* _Annotated photo localization data_:
--- START ---

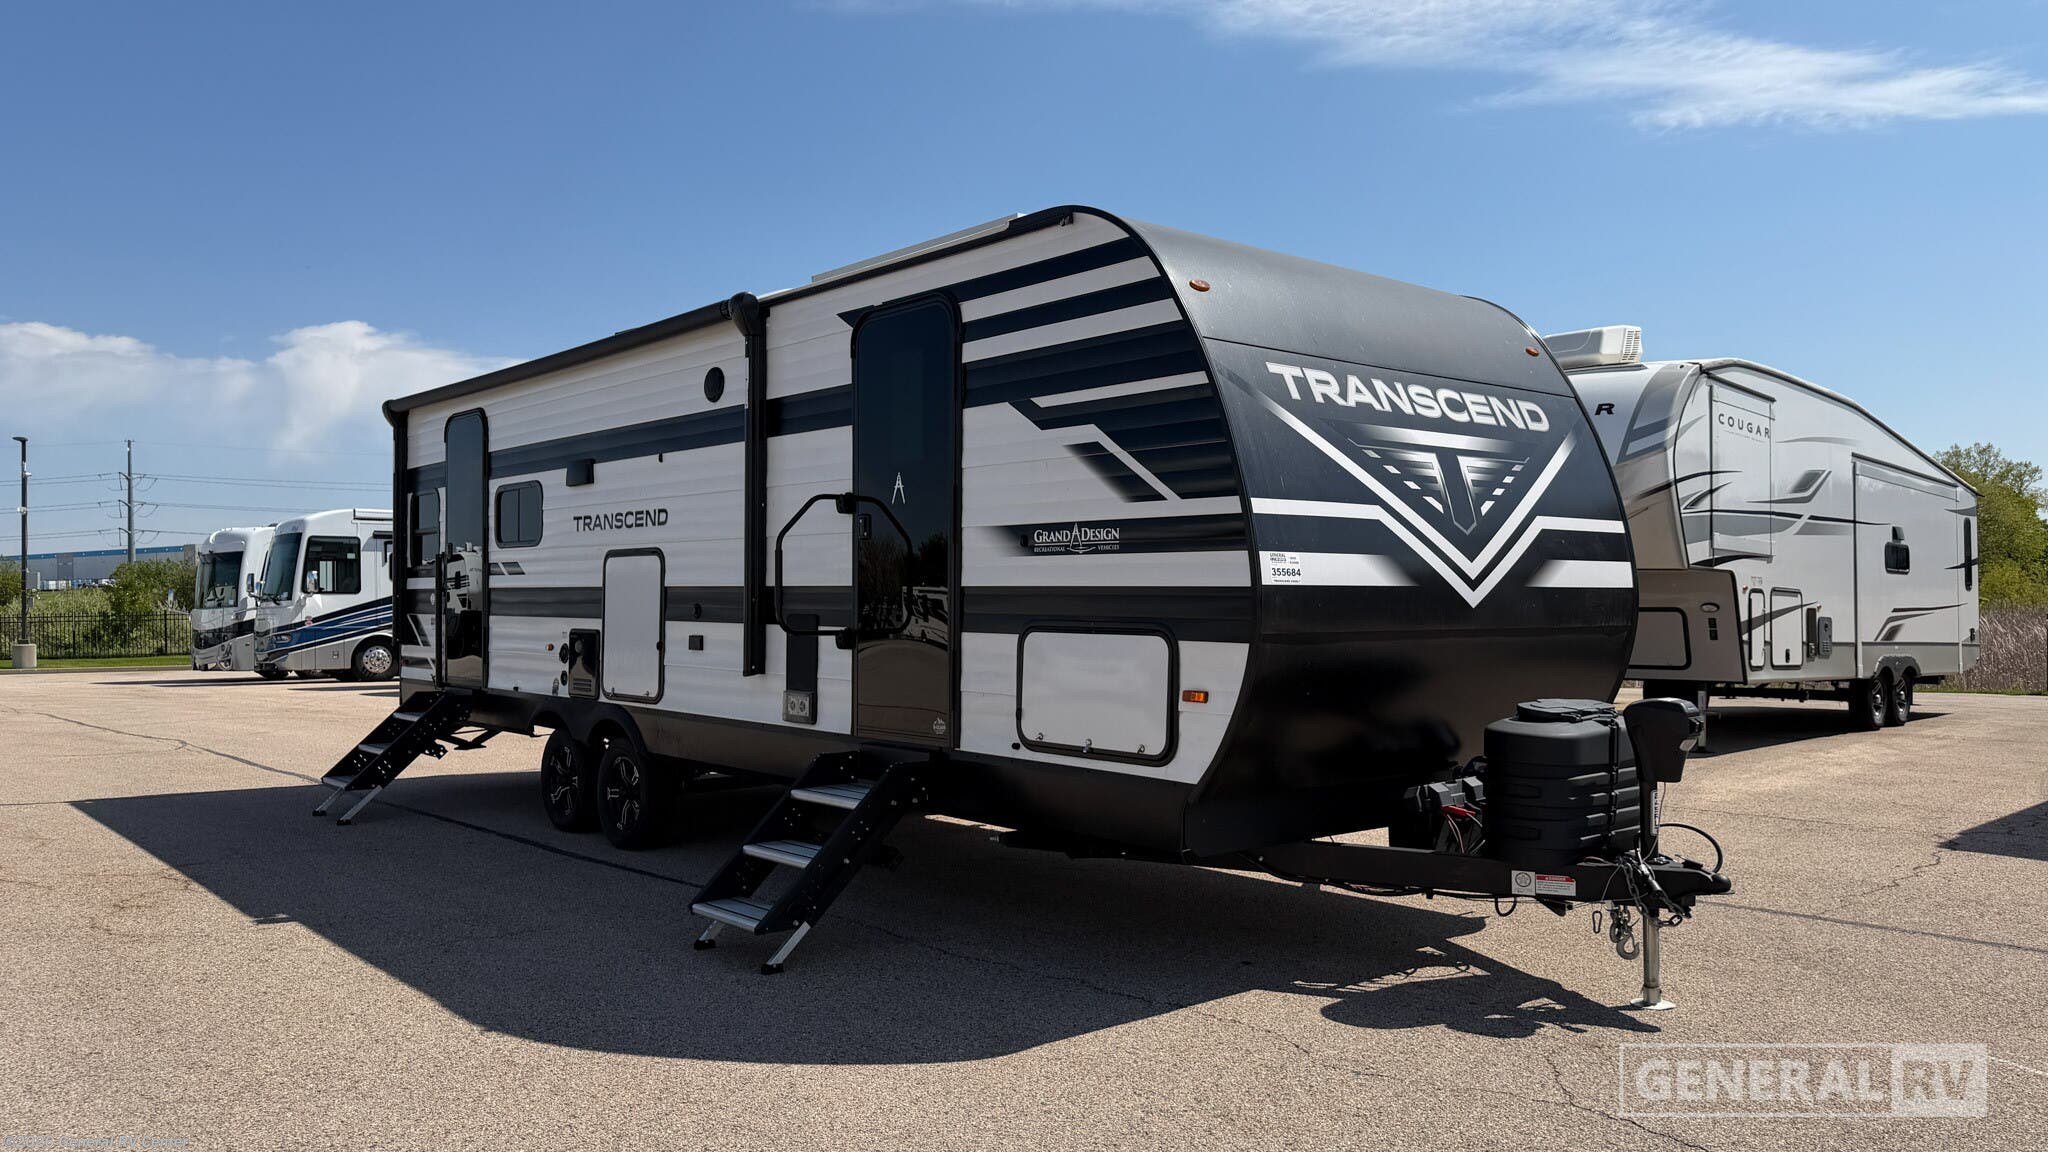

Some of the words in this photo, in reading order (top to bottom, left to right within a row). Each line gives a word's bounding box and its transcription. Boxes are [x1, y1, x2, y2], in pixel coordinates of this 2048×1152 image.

[1265, 361, 1550, 432] TRANSCEND
[1718, 413, 1770, 439] COUGAR
[573, 508, 669, 532] TRANSCEND
[1034, 529, 1071, 543] GRAND
[1081, 527, 1120, 541] DESIGN
[1271, 567, 1301, 577] 355684

--- END ---

* _Problem_: Images are to be left out when the records above are written out again exactly.

* _Exercise response_:
Some of the words in this photo, in reading order (top to bottom, left to right within a row). Each line gives a word's bounding box and its transcription. Boxes are [x1, y1, x2, y2], in pixel coordinates of this 2048×1152 image.

[1265, 361, 1550, 432] TRANSCEND
[1718, 413, 1770, 439] COUGAR
[573, 508, 669, 532] TRANSCEND
[1034, 529, 1071, 543] GRAND
[1081, 527, 1120, 541] DESIGN
[1271, 567, 1301, 577] 355684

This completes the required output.